In Http settings, AGIC creates an entry for the AKS deployment, but leaves one of the existing Http settings and adds a probe to it, though it is not used for anything.
Now to the listeners. The existing listeners are all removed, and AGIC adds both a port 80 and 443 listener. As seen before, in the corresponding rules the port 80 listener will redirect to the 443 listener, which we specified in the above manifest with this annotation:
appgw.ingress.kubernetes.io/ssl-redirect: "true"
Below is a screenshot of our listeners after the AKS deployment.

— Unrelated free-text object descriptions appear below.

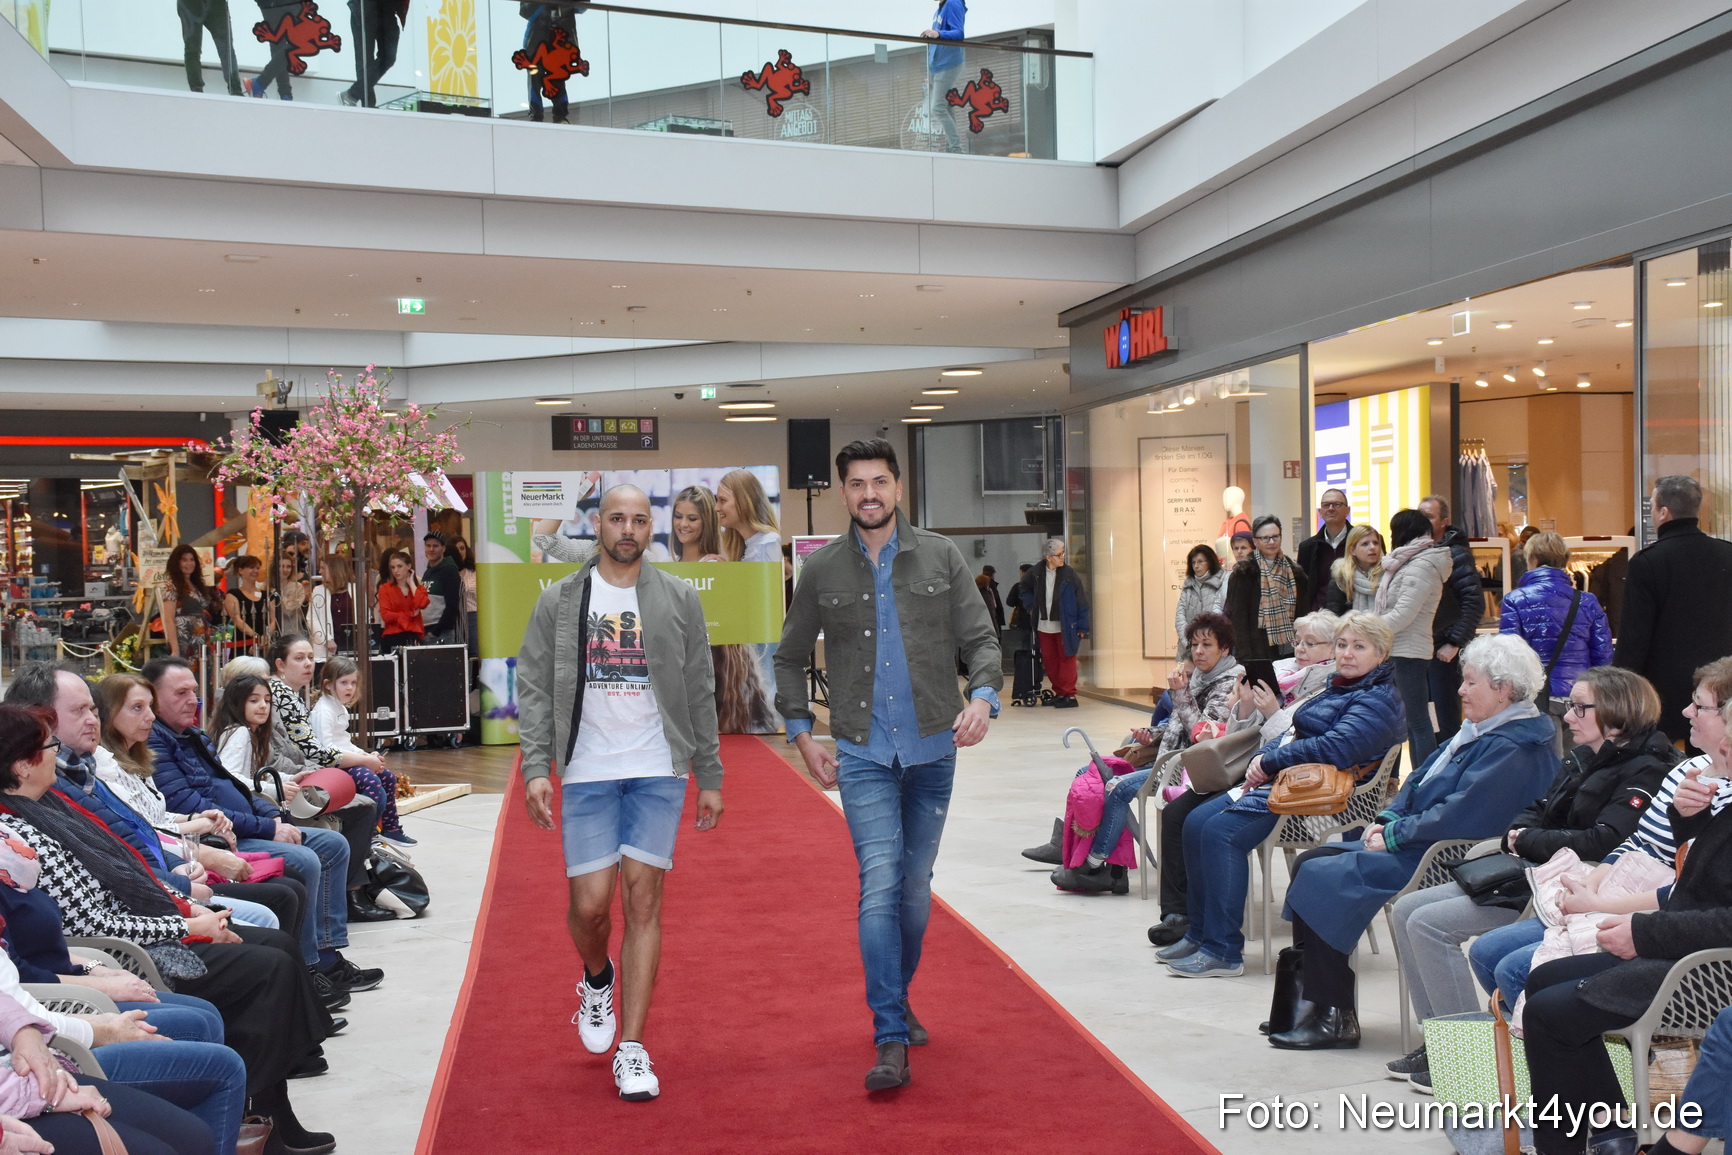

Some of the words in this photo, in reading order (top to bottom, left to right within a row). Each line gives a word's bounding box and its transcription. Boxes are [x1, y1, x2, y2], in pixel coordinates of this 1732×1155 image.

[785, 108, 812, 122] MITTAGS
[780, 120, 817, 138] ANGEBOT
[1103, 306, 1168, 369] WÖHRL
[1154, 453, 1174, 461] finden
[520, 493, 565, 501] NeuerMarkt
[588, 682, 624, 690] ADVENTURE
[625, 682, 653, 690] UNLIMIT
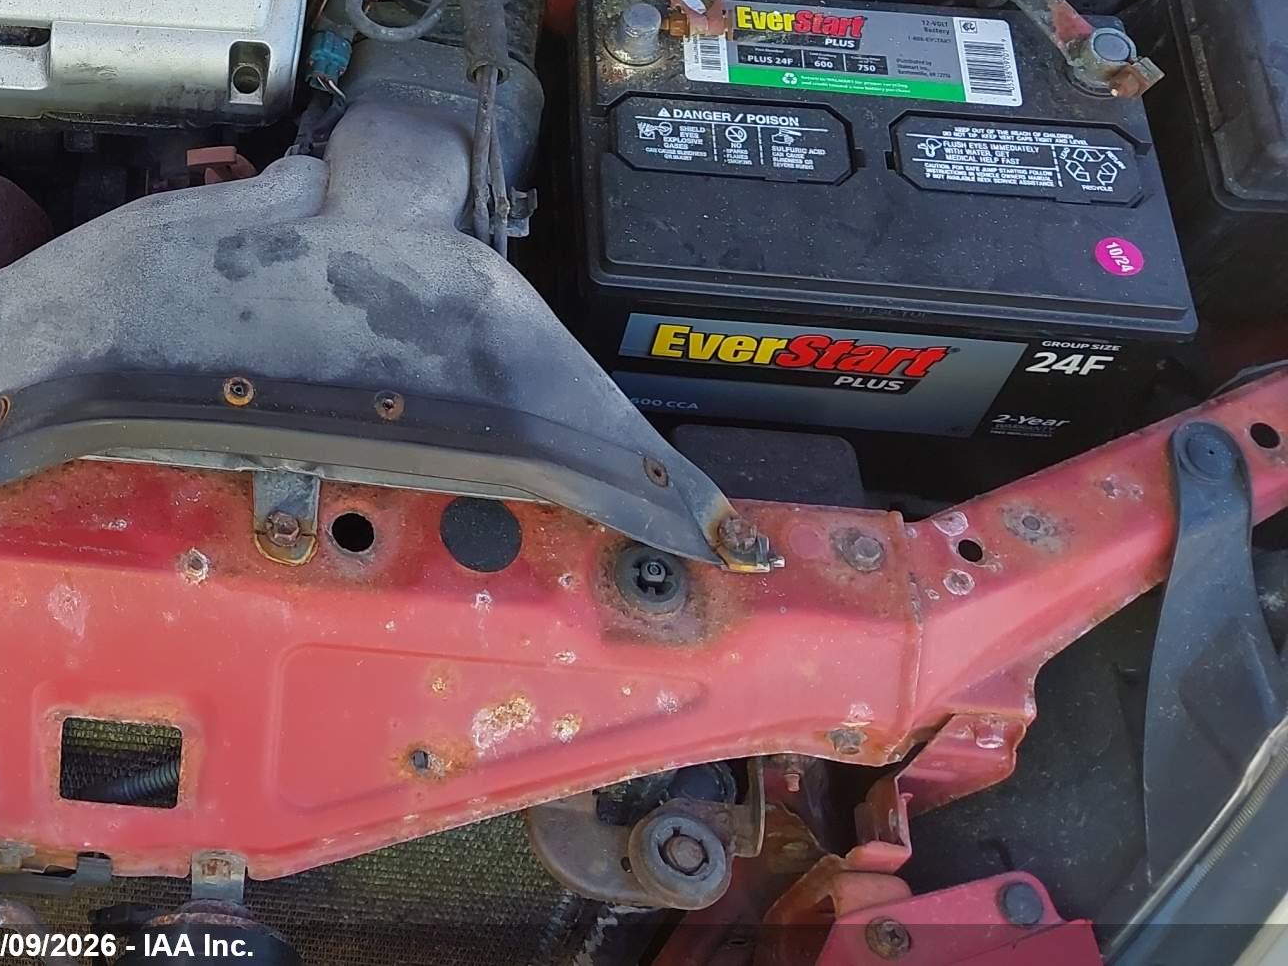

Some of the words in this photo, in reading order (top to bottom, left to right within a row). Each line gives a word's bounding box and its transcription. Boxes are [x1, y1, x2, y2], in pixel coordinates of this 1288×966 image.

[736, 5, 865, 38] EverStart
[824, 38, 856, 48] PLUS
[747, 54, 773, 64] PLUS
[775, 56, 794, 66] 24F
[814, 60, 833, 68] 600
[857, 64, 876, 72] 750
[673, 109, 732, 122] DANGER
[747, 114, 800, 126] POISON
[679, 125, 706, 133] SHIELD
[990, 143, 1039, 153] IMMEDIATELY
[946, 153, 978, 161] MEDICAL
[1105, 241, 1135, 273] 10/24
[650, 323, 950, 378] EverStart
[1041, 339, 1089, 350] GROUP
[1091, 342, 1122, 352] SIZE
[1025, 351, 1114, 376] 24F
[833, 375, 905, 392] PLUS
[665, 400, 700, 411] CCA
[991, 414, 1071, 428] 2-Year
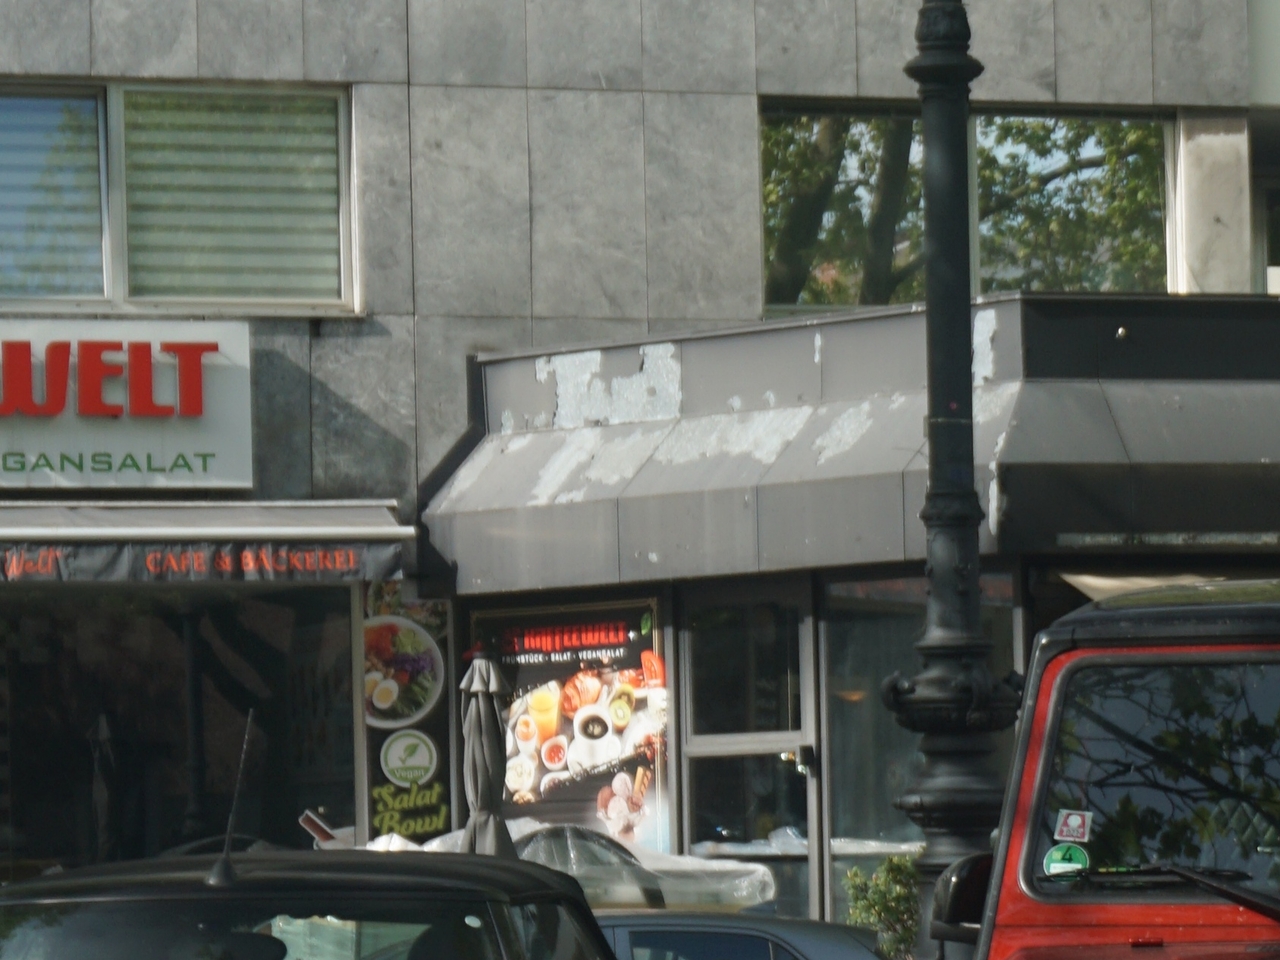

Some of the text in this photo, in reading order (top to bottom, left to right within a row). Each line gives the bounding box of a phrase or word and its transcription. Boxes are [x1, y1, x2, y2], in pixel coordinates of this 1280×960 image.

[213, 550, 232, 572] &
[394, 768, 425, 778] Vegan
[372, 780, 443, 812] Salat
[373, 804, 448, 836] Bowl
[1061, 846, 1073, 863] 4
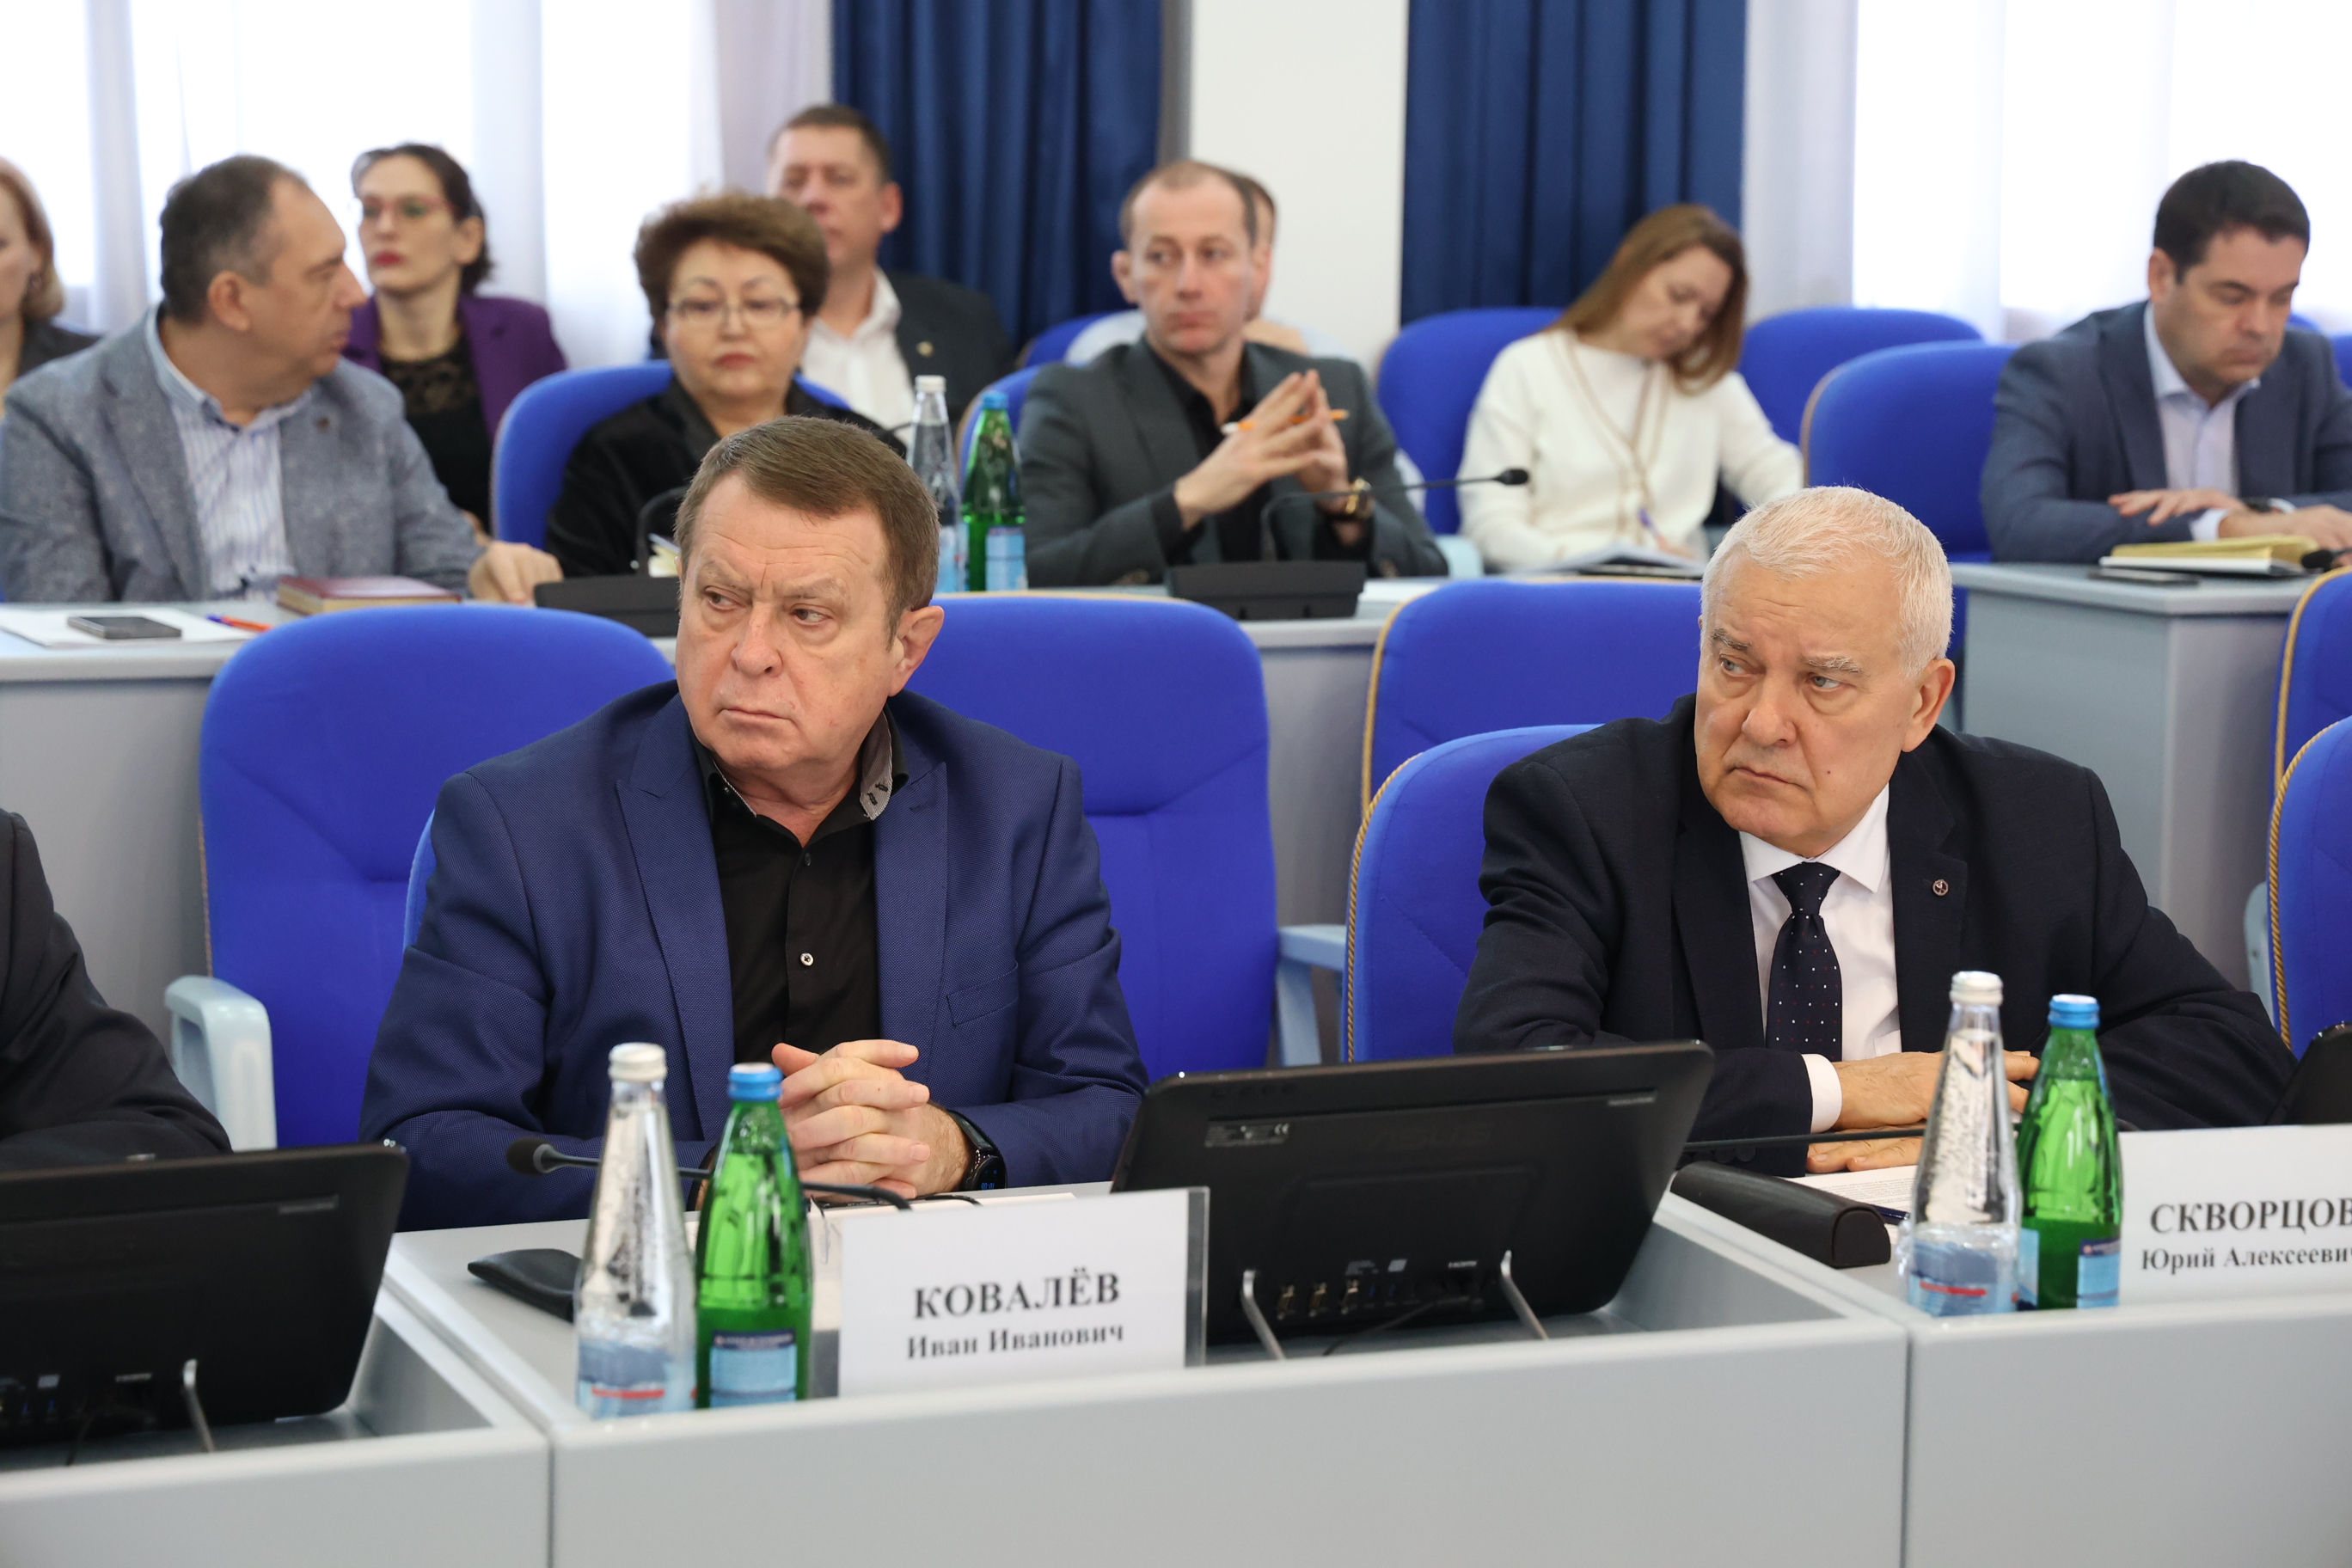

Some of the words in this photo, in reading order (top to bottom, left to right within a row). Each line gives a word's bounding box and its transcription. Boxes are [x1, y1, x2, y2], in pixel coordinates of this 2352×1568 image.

[2150, 1197, 2352, 1235] СКВОРЦОВ
[2141, 1246, 2215, 1275] Юрий
[2223, 1246, 2352, 1268] Алексееви
[914, 1267, 1122, 1320] КОВАЛЁВ
[907, 1335, 978, 1360] Иван
[989, 1323, 1124, 1353] Иванович

Finally, regarding rules, it is rules that tie the front end listener with the backend Http settings and Backend pools. The existing rules are completely replaced, and for this deployment, there is one rule for the port 80 listener and one rule for the 443 listener (whereby the port 80 rule redirects to the port 443 rule).
If the Helm shared Application Gateway option is turned on, there is a way to avoid modifying existing configurations for non-AKS applications using a Custom Resource Definition (CRD) of the kind AzureIngressProhibitedTarget (again, this is not an option with the AGIC add-on). This looks as follows in the Kubernetes manifest:
apiVersion: "appgw.ingress.k8s.io/v1"
kind: AzureIngressProhibitedTarget
metadata:
name: prod-contoso-com
spec:
hostname: prod.contoso.com
When the prohibited target manifest is deployed it must specify all hostnames to be ignored by AGIC. You can add as many hostnames as needed to ensure that AGIC does not bother any configurations associated with those hostnames. Instructions to set this up can be found here. If there are only a few hostnames in an Application Gateway configured for AGIC, then this can be easily monitored to add the prohibited websites to the CRD, but if many non-AKS apps are to be deployed to the same Application Gateway it would be reasonable to have an Application Gateway with AGIC to serve only AKS deployments and another Application Gateway for non-AKS applications in order to avoid mistakenly overwriting a non-AKS application whose hostname was not entered into the prohibited target manifest (which would, of course, need to be redeployed with the updated prohibited targets).
Now, the next thing we want to do is deploy another Kubernetes application to demonstrate that you can now deploy Kubernetes applications to your hearts content, using the Azure voting application sample you can find here. Note that I modified the sample slightly by commenting out the type of the front end service so it would not use the standard Load Balancer:
Following are the Http settings:
Following are the listeners:
And finally, the updated Rules:
So that's a wrap on this article. I hope this helps you to better understand the behavior of AGIC, and I look forward to your feedback!